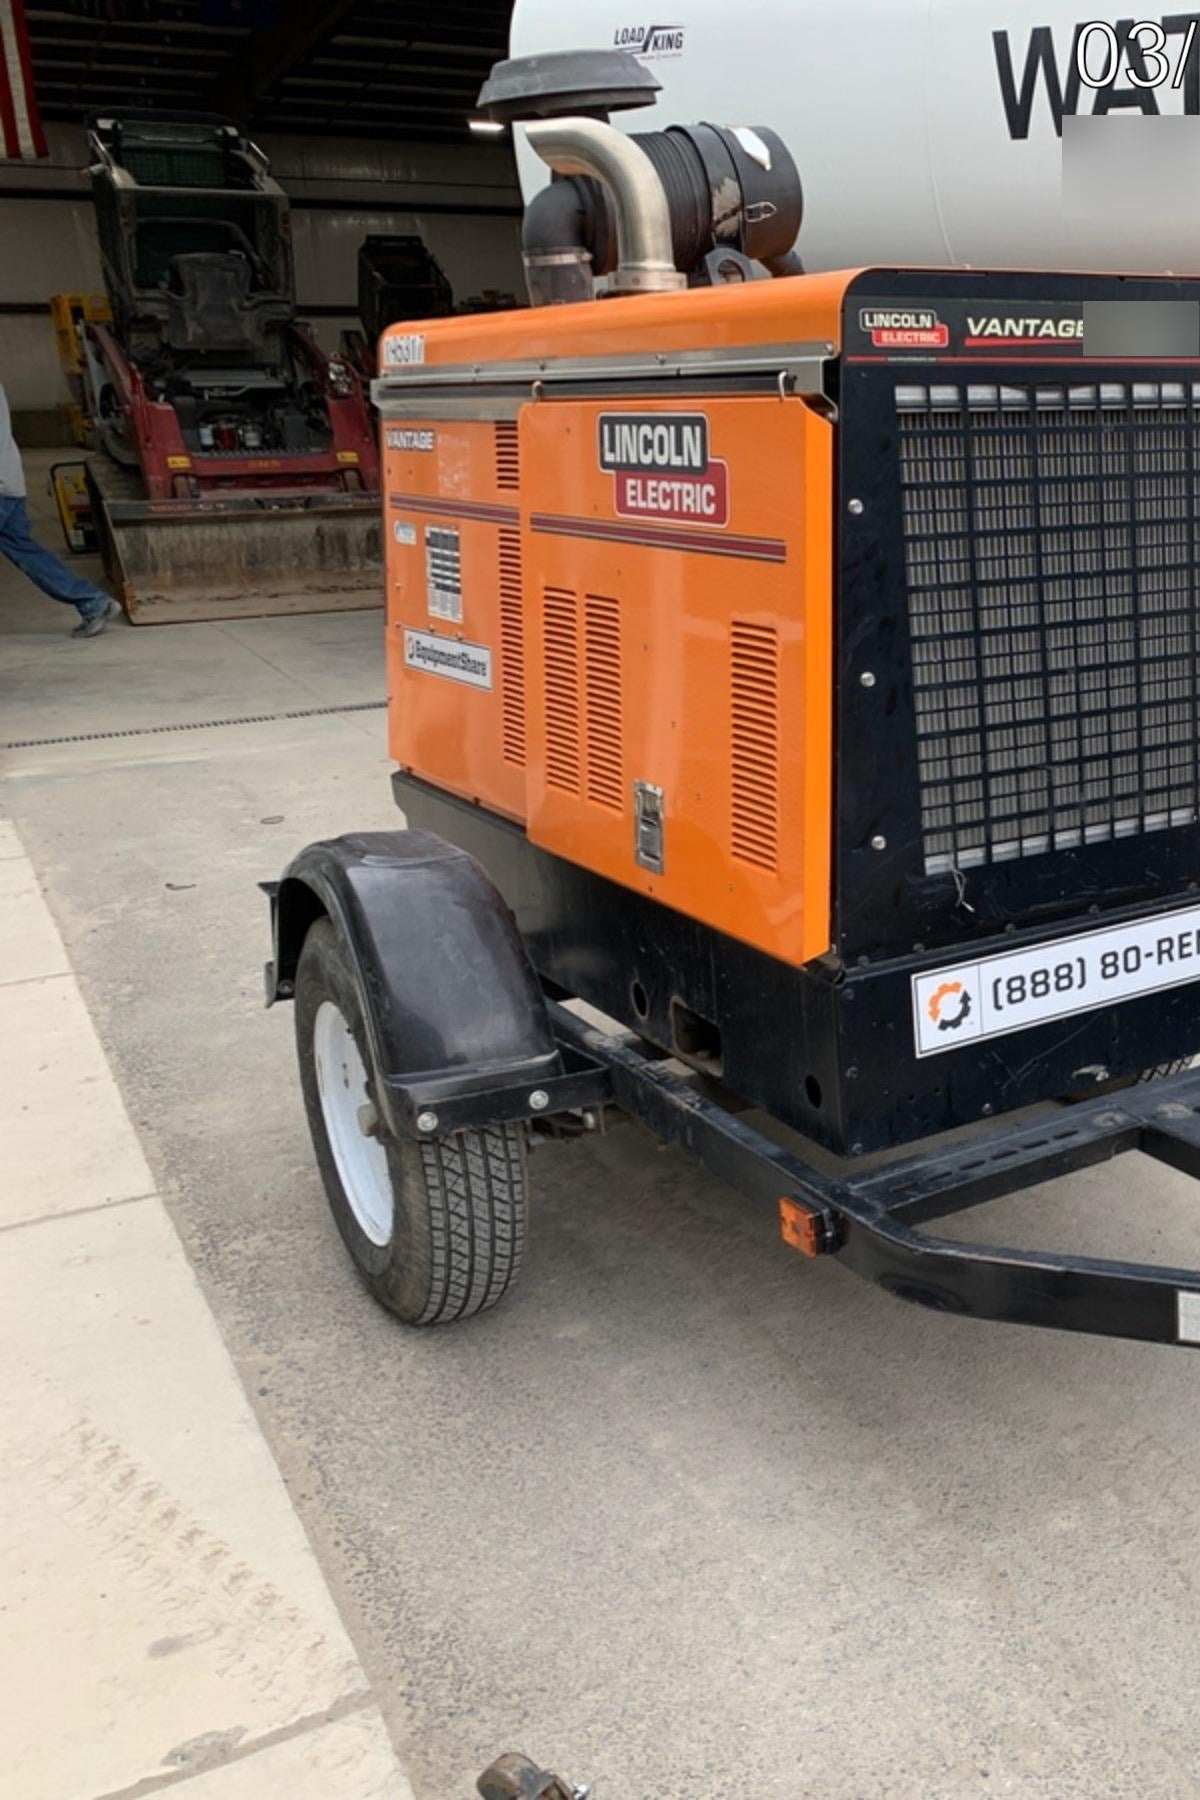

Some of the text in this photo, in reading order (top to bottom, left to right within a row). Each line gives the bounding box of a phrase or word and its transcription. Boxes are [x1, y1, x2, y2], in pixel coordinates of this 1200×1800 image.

[614, 27, 684, 51] LOAD KING
[864, 312, 932, 328] LINCOLN
[880, 331, 941, 344] ELECTRIC
[388, 430, 434, 450] VANTAGE
[603, 423, 702, 468] LINCOLN
[625, 477, 716, 516] ELECTRIC
[992, 957, 1087, 1011] (888)
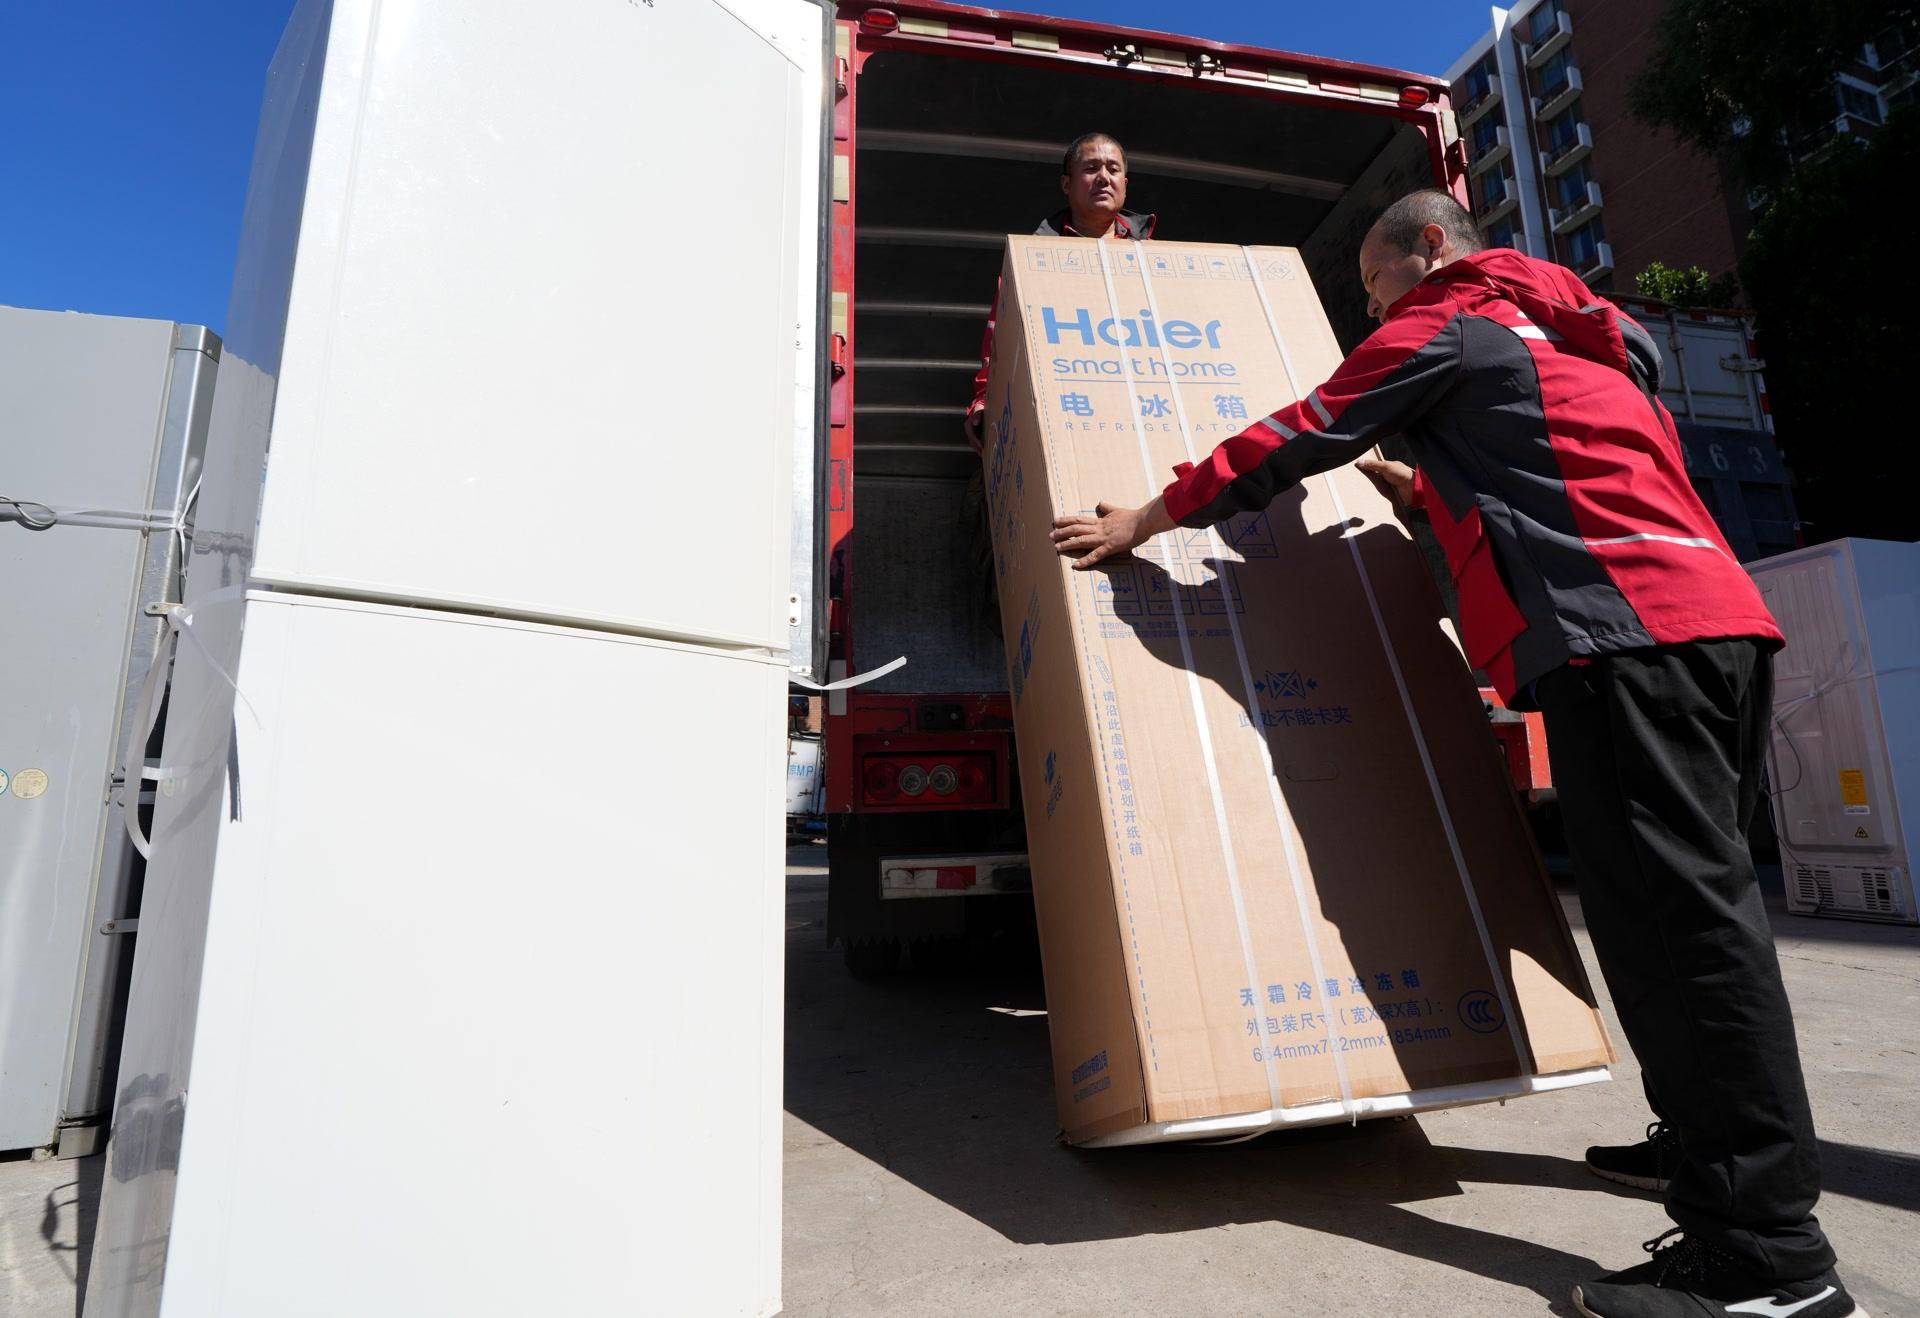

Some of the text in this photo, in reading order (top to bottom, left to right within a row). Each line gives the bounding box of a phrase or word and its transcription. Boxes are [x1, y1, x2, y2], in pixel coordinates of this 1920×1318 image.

[1041, 306, 1222, 349] Haier
[1052, 357, 1236, 377] smat home
[1059, 392, 1248, 419] 电冰箱
[1065, 422, 1250, 432] REFRIGEATO

WORK TASK:
Set down the material above word for word and skip its pictures.

WRITTEN SOLUTION:
Some of the text in this photo, in reading order (top to bottom, left to right within a row). Each line gives the bounding box of a phrase or word and its transcription. Boxes are [x1, y1, x2, y2], in pixel coordinates of this 1200×1800 image.

[614, 27, 684, 51] LOAD KING
[864, 312, 932, 328] LINCOLN
[880, 331, 941, 344] ELECTRIC
[388, 430, 434, 450] VANTAGE
[603, 423, 702, 468] LINCOLN
[625, 477, 716, 516] ELECTRIC
[992, 957, 1087, 1011] (888)

Some of the text in this photo, in reading order (top to bottom, left to right within a row). Each line gives the bounding box of a phrase or word and its transcription. Boxes are [x1, y1, x2, y2], in pixel coordinates of this 1920×1318 image.

[1041, 306, 1222, 349] Haier
[1052, 357, 1236, 377] smat home
[1059, 392, 1248, 419] 电冰箱
[1065, 422, 1250, 432] REFRIGEATO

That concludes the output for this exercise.